In teoria. In pratica, invece, è qui che inizia un piccolo enigma.

Mercoledì, infatti, l’Istituto Superiore di Sanità (Iss) ha diramato un apposito comunicato stampa per dire che «non è prevista alcuna presentazione della guida nell’ambito del Congresso» fissato a novembre. «Il programma preliminare dell’evento», prosegue la nota, «è incentrato sui temi della salute del bambino nei primi mille giorni di vita e non prevede sessioni dedicate alla presentazione della citata guida». Ieri, infine, altro colpo di scena: il riferimento alla presentazione autunnale della guida è scomparso dai siti di Sip e Acp. La cosa non è sfuggita a Pro vita che, dopo aver raccolto oltre 33.000 firme in una petizione contro Oltre lo sguardo, ieri è tornata all’attacco.

«Aver millantato per settimane una copertura istituzionale dell’Iss sulla Guida, in realtà inesistente», ha dichiarato Jacopo Coghe, «è un fatto di gravità inaudita e un colpo durissimo alla credibilità della Sip e dell’Acp, già compromessa dall’aver redatto e diffuso un manuale che trasforma i pediatri italiani in militanti politici con raccomandazioni allucinanti, come esporre in ambulatorio poster arcobaleno, distribuire volantini delle associazioni Lgbt, consigliare favole per bambini che normalizzano l’utero in affitto, eliminare “padre” e “madre” dalle cartelle cliniche».

Sempre secondo Coghe, ci troviamo davanti a «una torbida vicenda ideologica» sulla quale bisognerà fare assolutamente chiarezza; e la dovrà fare, sostiene il leader pro family, anche lo stesso ministro della Salute, Orazio Schillaci. Non solo. Ora Pro vita chiede anche «le dimissioni del presidente della Sip, Rino Agostiniani, e della presidente dell’Acp, Stefania Manetti».

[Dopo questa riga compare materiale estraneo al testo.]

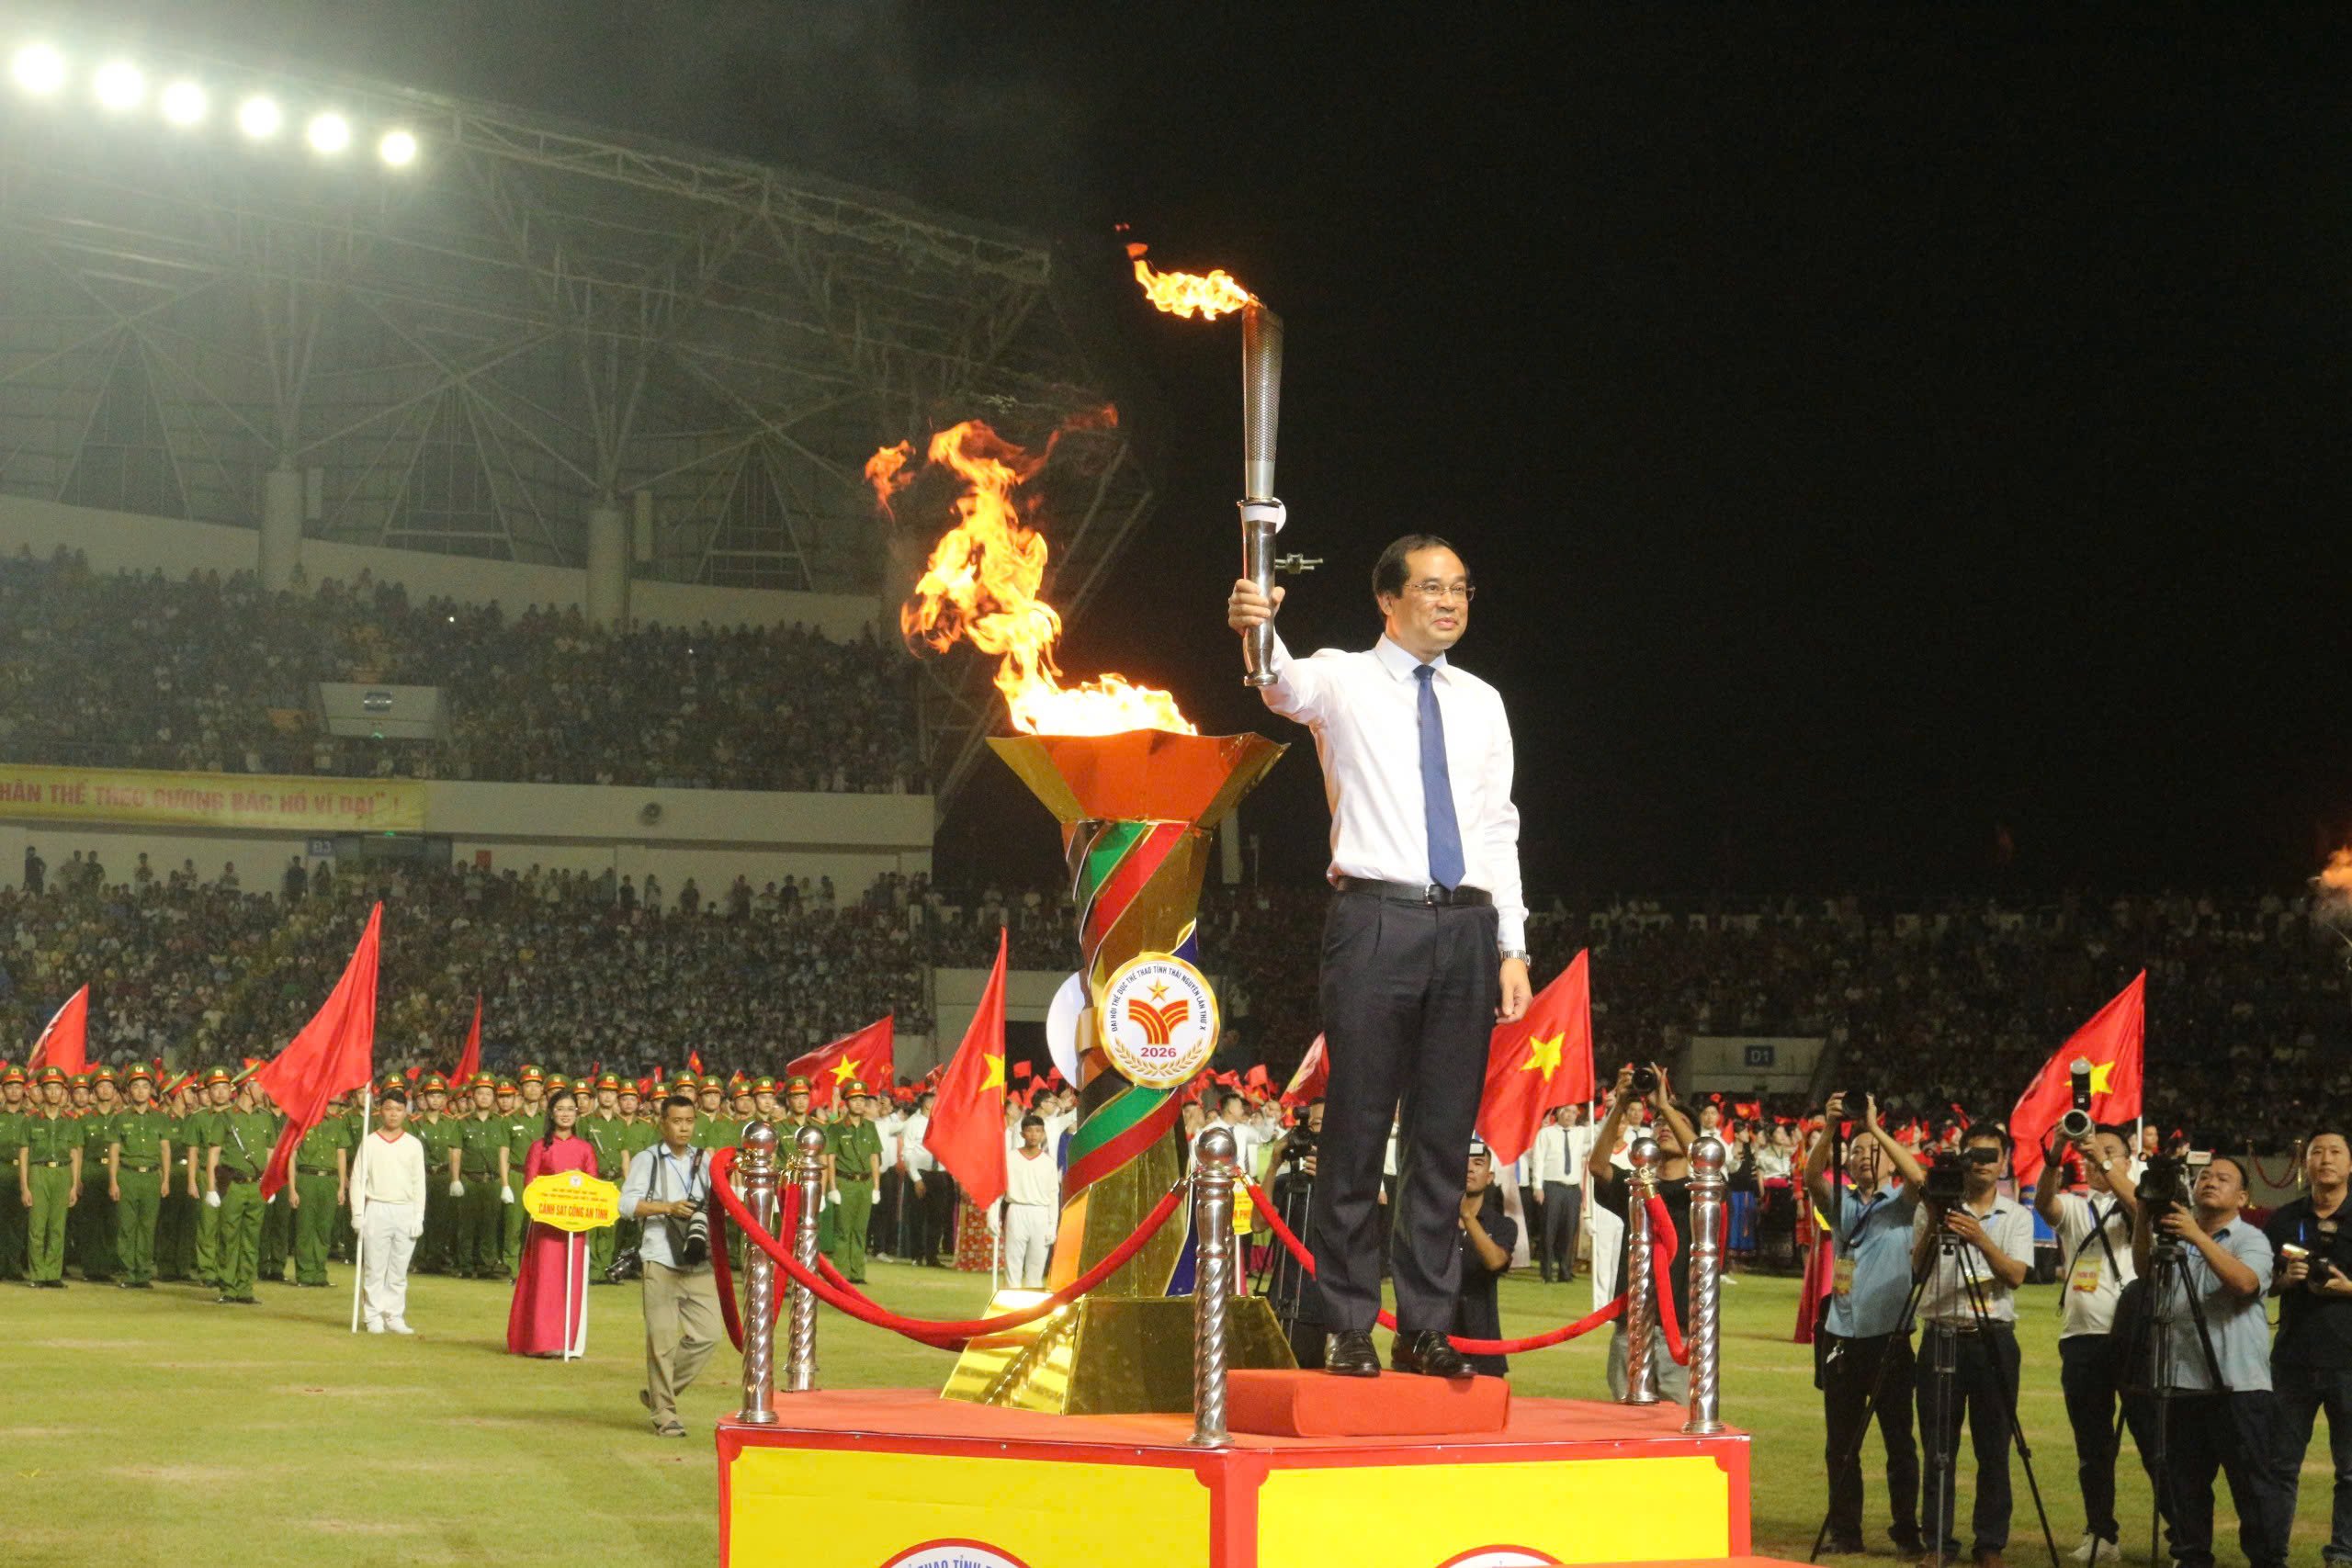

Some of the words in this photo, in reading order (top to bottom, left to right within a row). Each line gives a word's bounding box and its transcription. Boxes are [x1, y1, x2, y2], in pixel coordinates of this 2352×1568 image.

[1136, 966, 1152, 977] THAO
[1140, 1047, 1177, 1057] 2026
[1750, 1050, 1770, 1063] D1

Staremo a vedere ora quali reazioni genererà l’effettiva scomparsa di un appuntamento dal profilo istituzionale che avrebbe dovuto essere un po’ la consacrazione della guida arcobaleno dei pediatri. Se non una vera e propria millantata «copertura istituzionale dell’Iss», infatti, sicuramente qualche passaggio poco chiaro attorno a Oltre lo sguardo c’è sul serio. E trattandosi d’un documento che incide direttamente sulla vita dei bambini, ora «oltre» questa polemica non è proprio possibile andare.